Home > database >  Presto: avoid null entries in maps and arrays
Presto: avoid null entries in maps and arrays

Time:07-10

I am new to presto and I have a table with a json column:

json-column
     
{"key-array":"[\"AAA\",\"BBB\",\"CCC\"]", "value-array":"[\"123\",\"456\",\"789\"]","str_1":"abc"}

I am trying to run the following query on the json-column.

select key, 
    value
from ( 
    select cast(json_parse(json_payload) as map(varchar, json)) parsed 
    from my_table
) a, 
unnest(
        cast(json_parse(cast(parsed['key-arr'] as varchar)) as array(varchar)), 
        cast(json_parse(cast(parsed['val-arr'] as varchar)) as array(varchar))
    ) as t(key, value)

Now it is possible that the map entries might be null.
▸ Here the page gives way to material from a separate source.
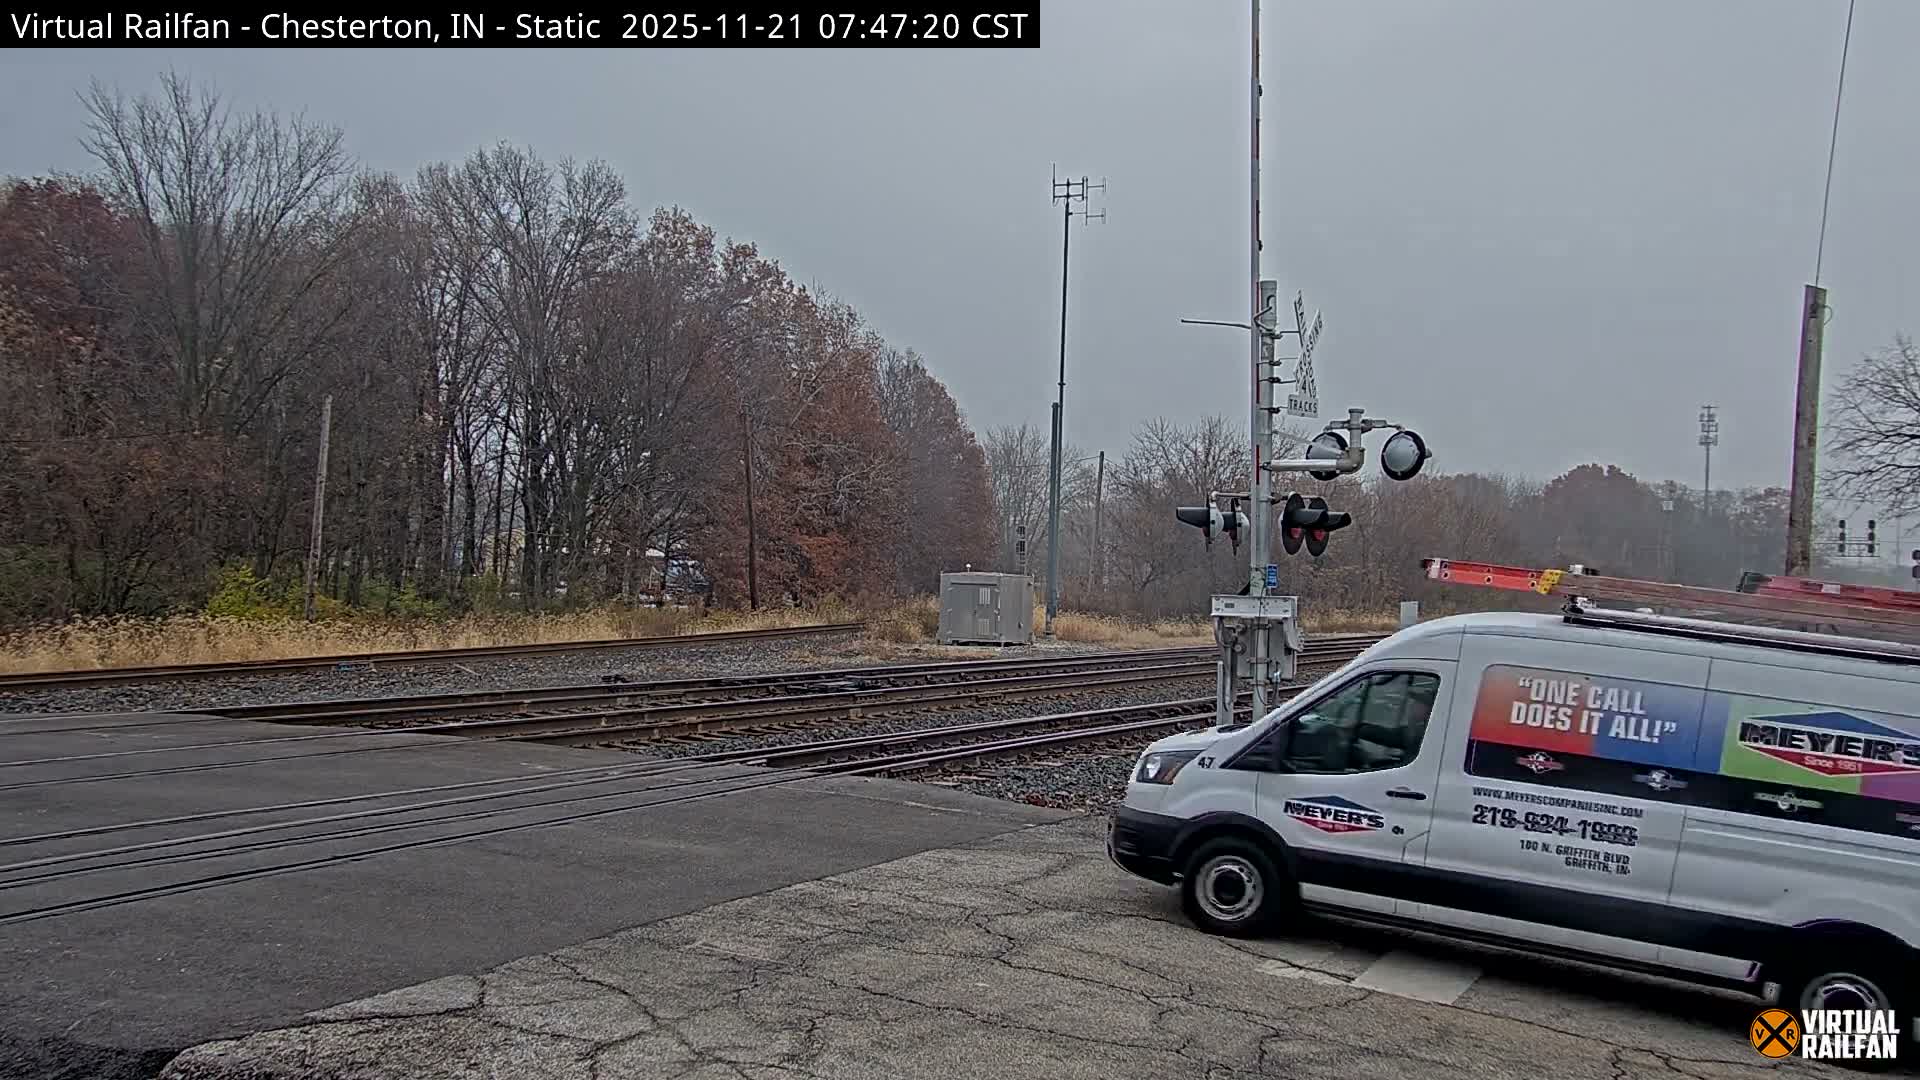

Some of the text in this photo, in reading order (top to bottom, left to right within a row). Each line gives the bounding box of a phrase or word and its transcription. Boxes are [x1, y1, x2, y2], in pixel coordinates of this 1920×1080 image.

So the query above fails whenever there are NULL entries.

An example of the data where the query fails is:

{"key-array":"", "value-array":"","str_1":"abc"}

This is the error I see:

presto error: Cannot cast to array(varchar). Expected a json array, but got null

Upon searching for possible solutions, I came across two functions filter and coalesce.

So I tried the following:

select key, 
    value
from ( 
    select cast(json_parse(json_payload) as map(varchar, json)) parsed 
    from my_table
) a, 
unnest(
        cast(coalesce(json_parse(cast(parsed['key-arr'] as varchar)), json_parse(cast('["hello"]' as varchar))) as array(varchar)), 
        cast(coalesce(json_parse(cast(parsed['value-arr'] as varchar)), json_parse(cast('["hello1"]' as varchar))) as array(varchar))
    ) as t(key, value)

But I now get the following error:

presto error: Cannot convert value to JSON: ''

I am not sure what I am doing wrong here. Can someone kindly help me out here?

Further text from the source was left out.